─── Exercise data

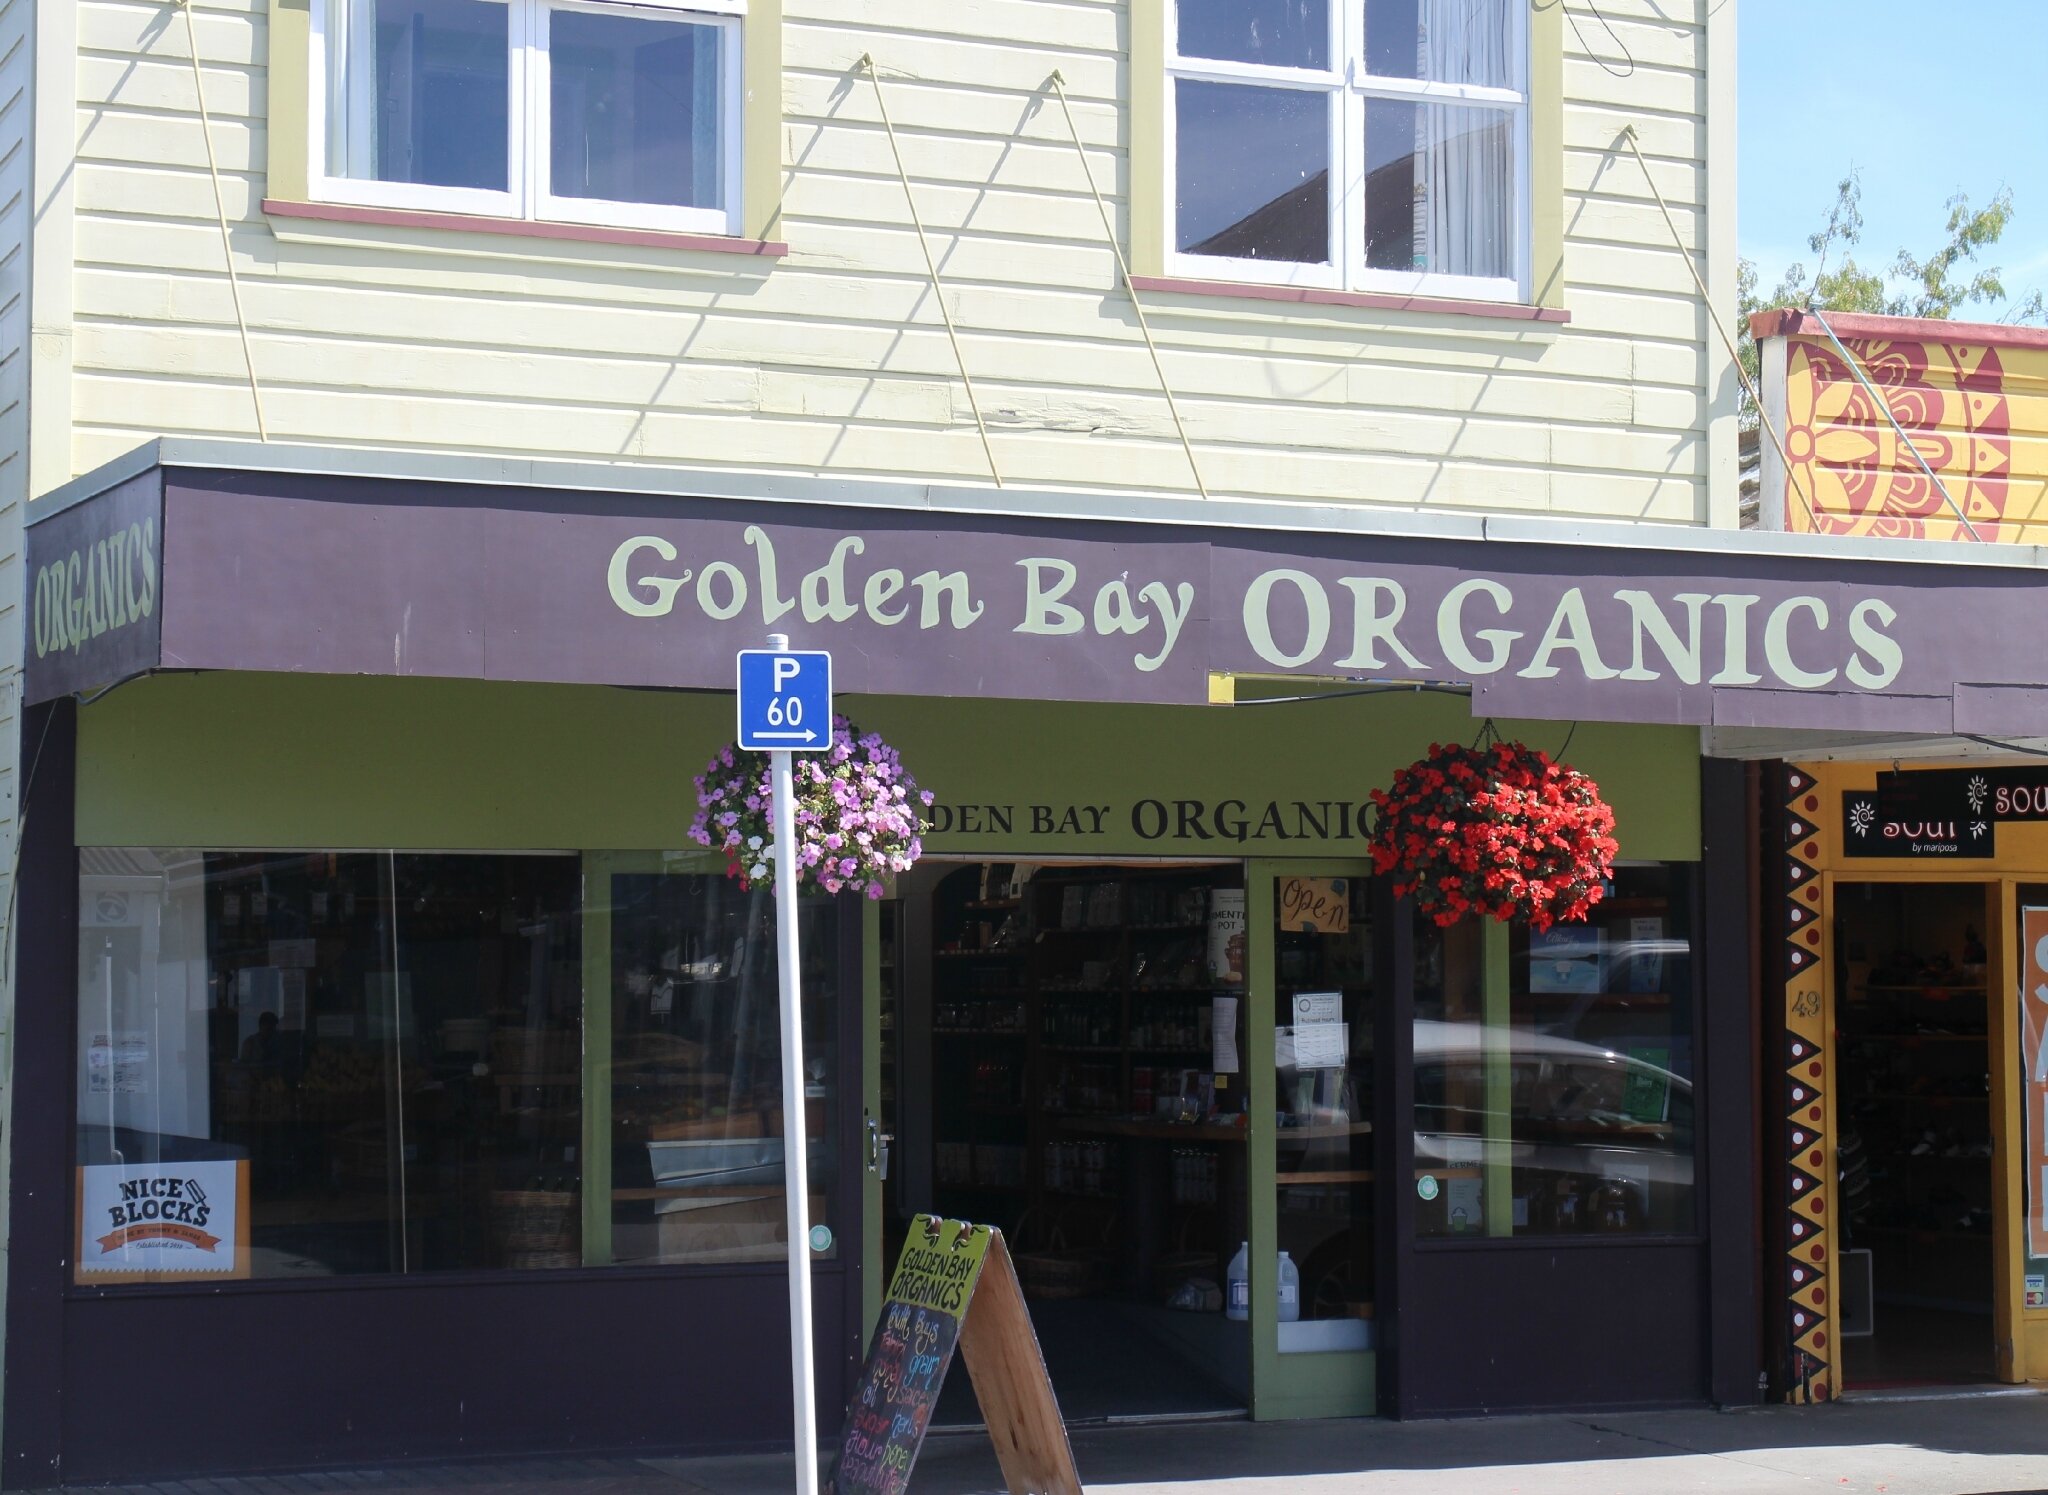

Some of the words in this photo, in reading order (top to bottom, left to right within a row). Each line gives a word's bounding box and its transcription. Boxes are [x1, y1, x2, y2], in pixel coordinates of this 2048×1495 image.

[35, 517, 155, 659] ORGANICS
[607, 525, 984, 629] Golden
[1012, 557, 1195, 671] Bay
[1243, 569, 1904, 689] ORGANICS
[774, 658, 800, 692] P
[767, 696, 802, 726] 60
[1029, 805, 1110, 834] BAY
[1131, 800, 1378, 843] ORGANIC
[1912, 842, 1922, 853] by
[1924, 843, 1958, 854] mariposa
[1217, 921, 1237, 930] POT
[1792, 991, 1819, 1017] 49
[119, 1178, 183, 1201] NICE
[108, 1200, 210, 1228] BLOCKS
[902, 1247, 948, 1277] GOLDEN
[947, 1254, 975, 1281] BAY
[891, 1271, 964, 1311] ORGANICS

──────

**What to do**
Print the records word for word and exclude any picture they hold.

**Answer for the task**
Some of the words in this photo, in reading order (top to bottom, left to right within a row). Each line gives a word's bounding box and its transcription. Boxes are [x1, y1, x2, y2], in pixel coordinates of this 2048×1495 image.

[35, 517, 155, 659] ORGANICS
[607, 525, 984, 629] Golden
[1012, 557, 1195, 671] Bay
[1243, 569, 1904, 689] ORGANICS
[774, 658, 800, 692] P
[767, 696, 802, 726] 60
[1029, 805, 1110, 834] BAY
[1131, 800, 1378, 843] ORGANIC
[1912, 842, 1922, 853] by
[1924, 843, 1958, 854] mariposa
[1217, 921, 1237, 930] POT
[1792, 991, 1819, 1017] 49
[119, 1178, 183, 1201] NICE
[108, 1200, 210, 1228] BLOCKS
[902, 1247, 948, 1277] GOLDEN
[947, 1254, 975, 1281] BAY
[891, 1271, 964, 1311] ORGANICS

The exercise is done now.